--- MATERIALS PROVIDED Enclosed Below ---
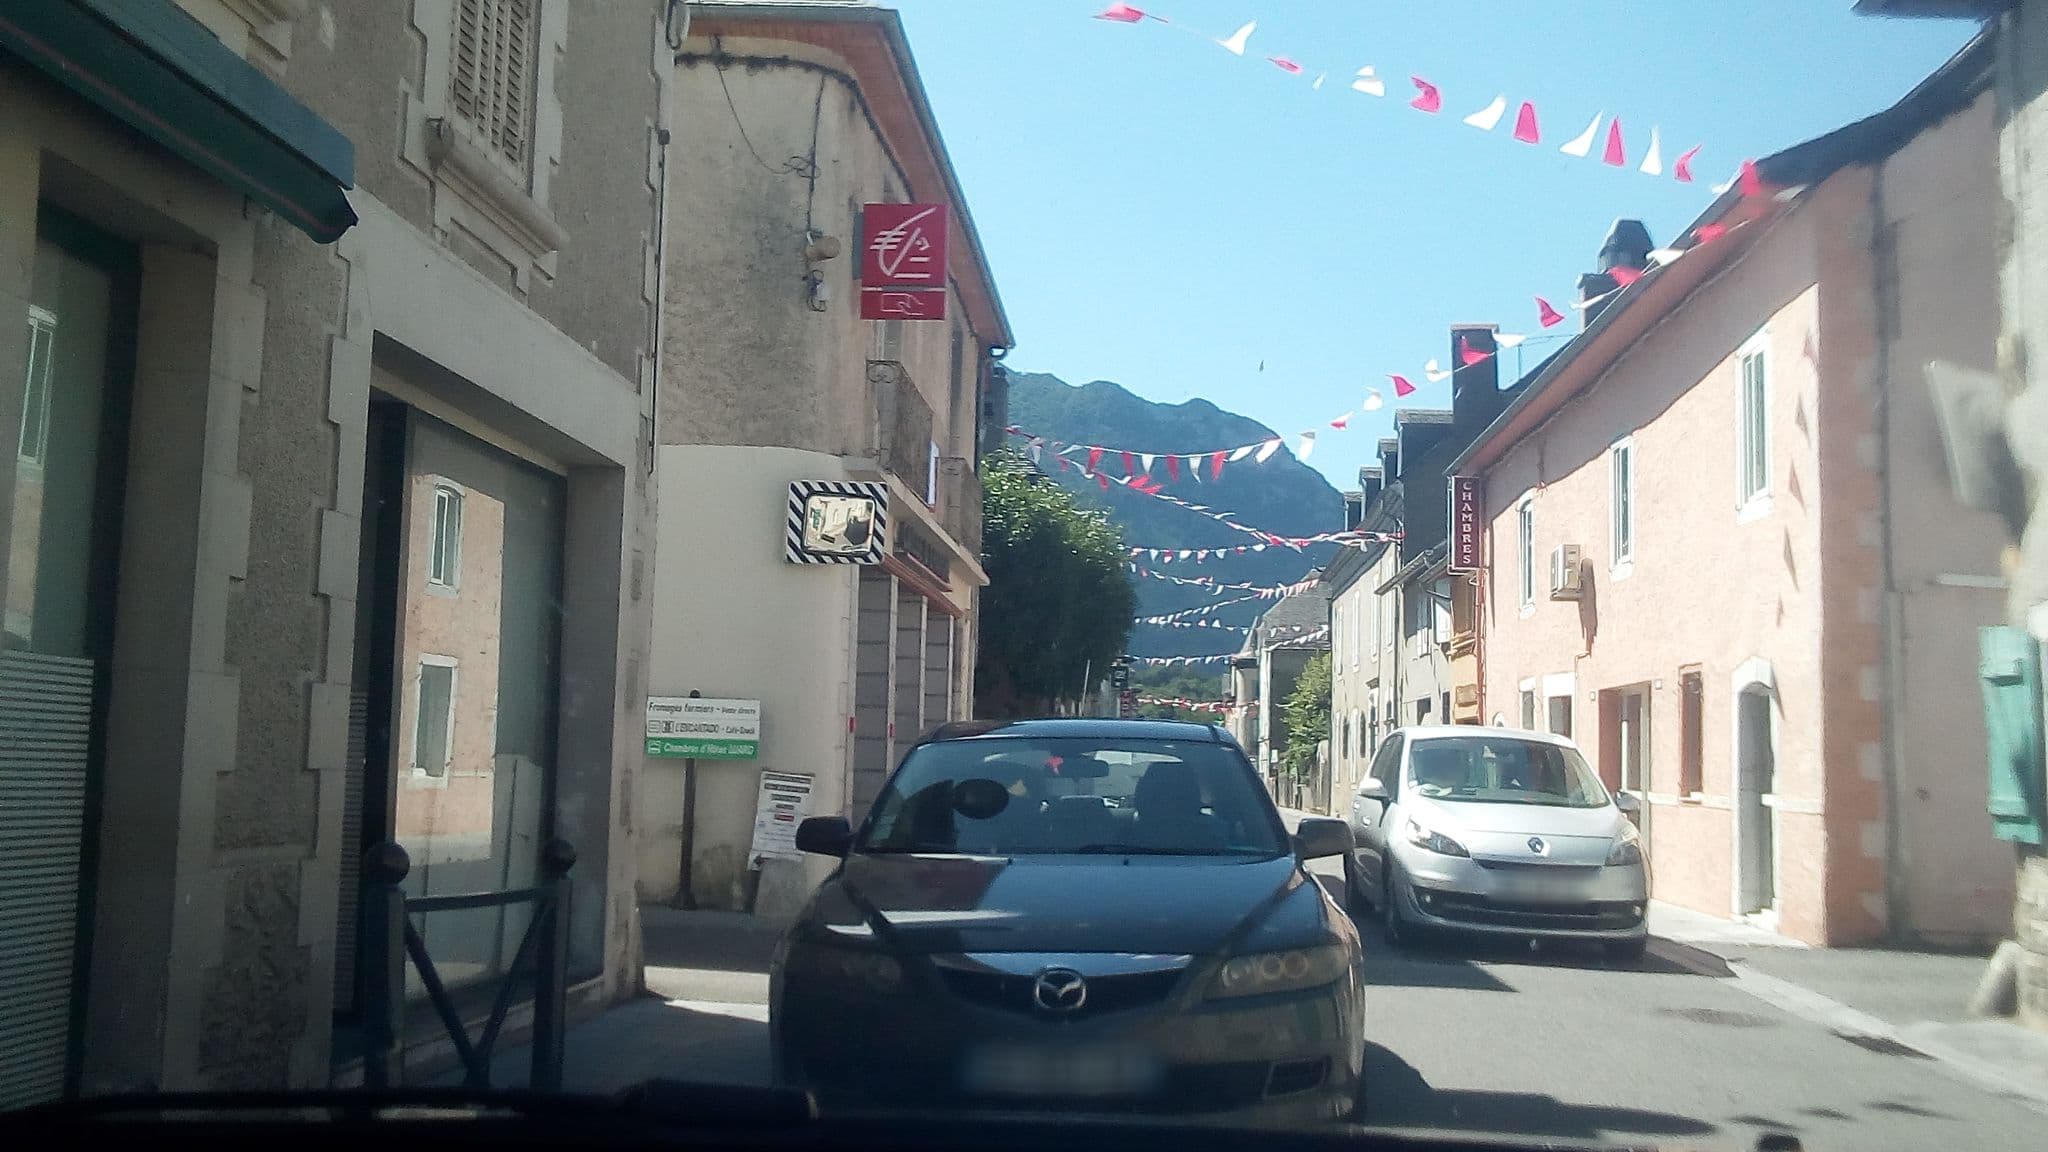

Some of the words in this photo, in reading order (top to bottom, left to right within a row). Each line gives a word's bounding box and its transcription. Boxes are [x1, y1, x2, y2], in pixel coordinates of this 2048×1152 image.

[1462, 481, 1473, 564] CHAMBRES
[648, 702, 682, 715] Fromages
[684, 703, 714, 713] fermiers
[663, 742, 699, 753] Chambres
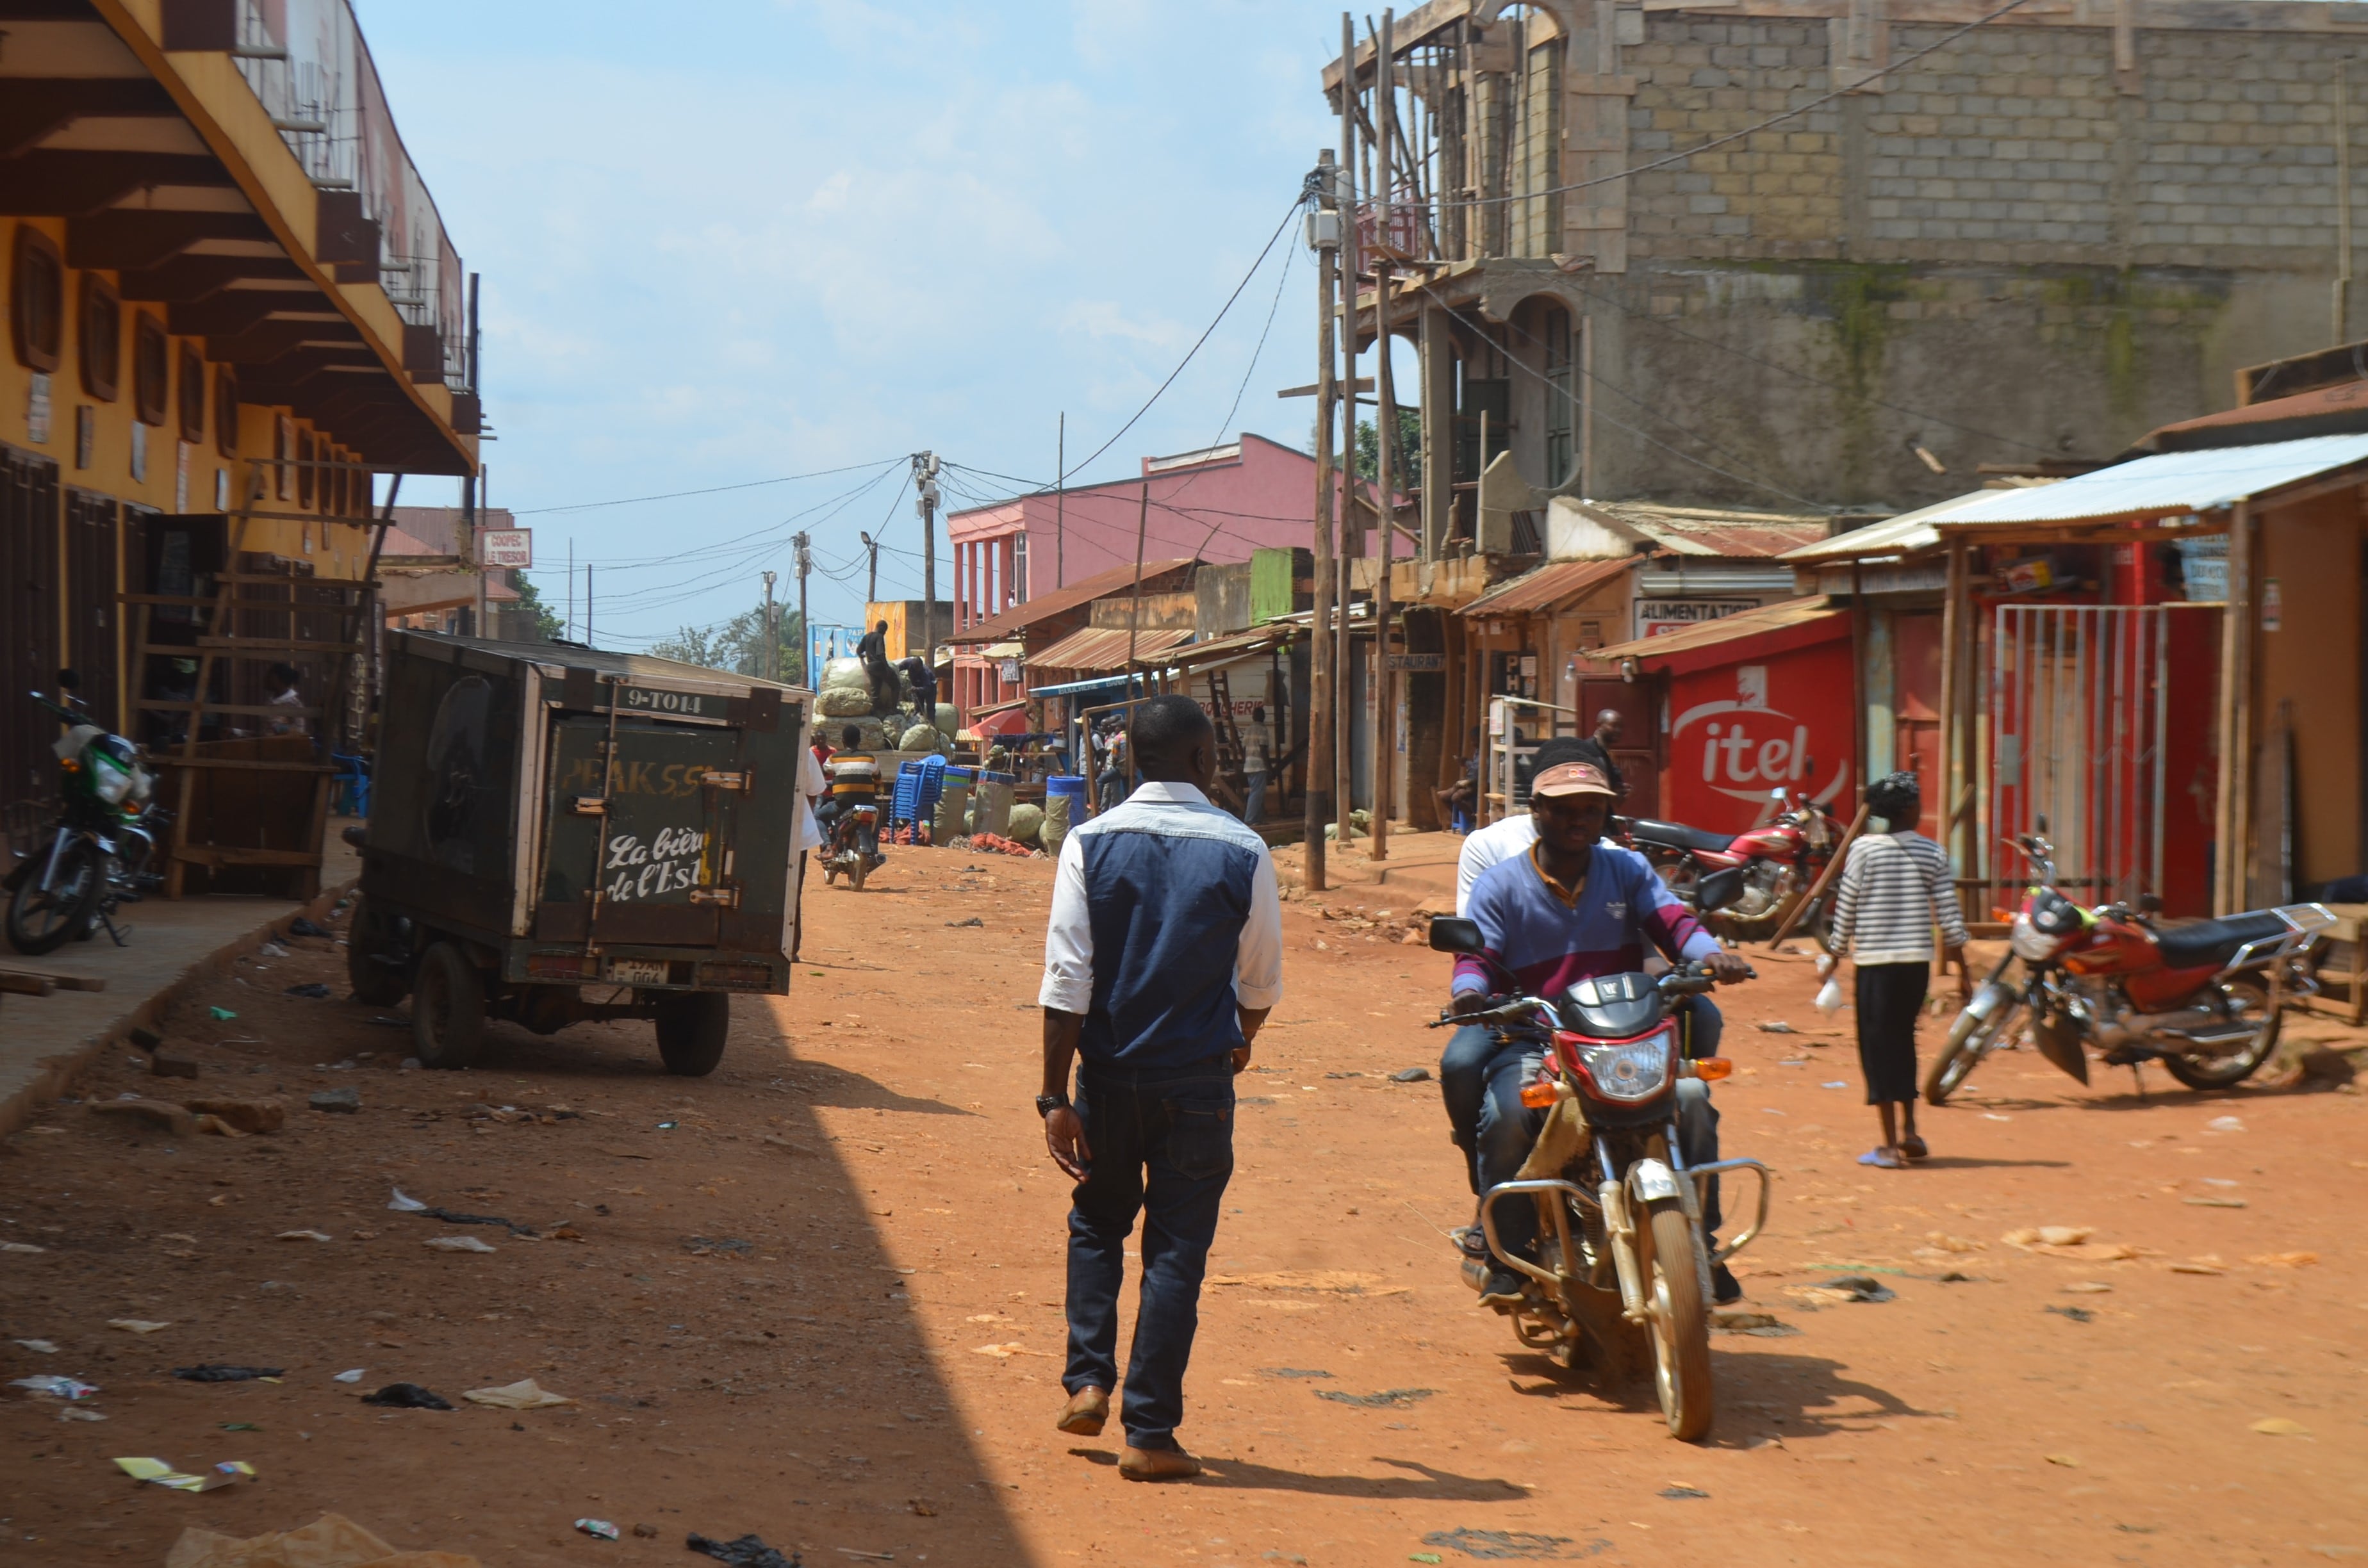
--- End of Enclosed MATERIALS PROVIDED ---
_WHAT THE TASK ASKS_
Print the material above once more, exactly, minus the pictures.

_OUTPUT FOR THIS EXERCISE_
Some of the words in this photo, in reading order (top to bottom, left to right within a row). Each line gives a word's bounding box and its transcription. Boxes are [x1, y1, x2, y2], in pixel coordinates of this 2048×1152 image.

[1462, 481, 1473, 564] CHAMBRES
[648, 702, 682, 715] Fromages
[684, 703, 714, 713] fermiers
[663, 742, 699, 753] Chambres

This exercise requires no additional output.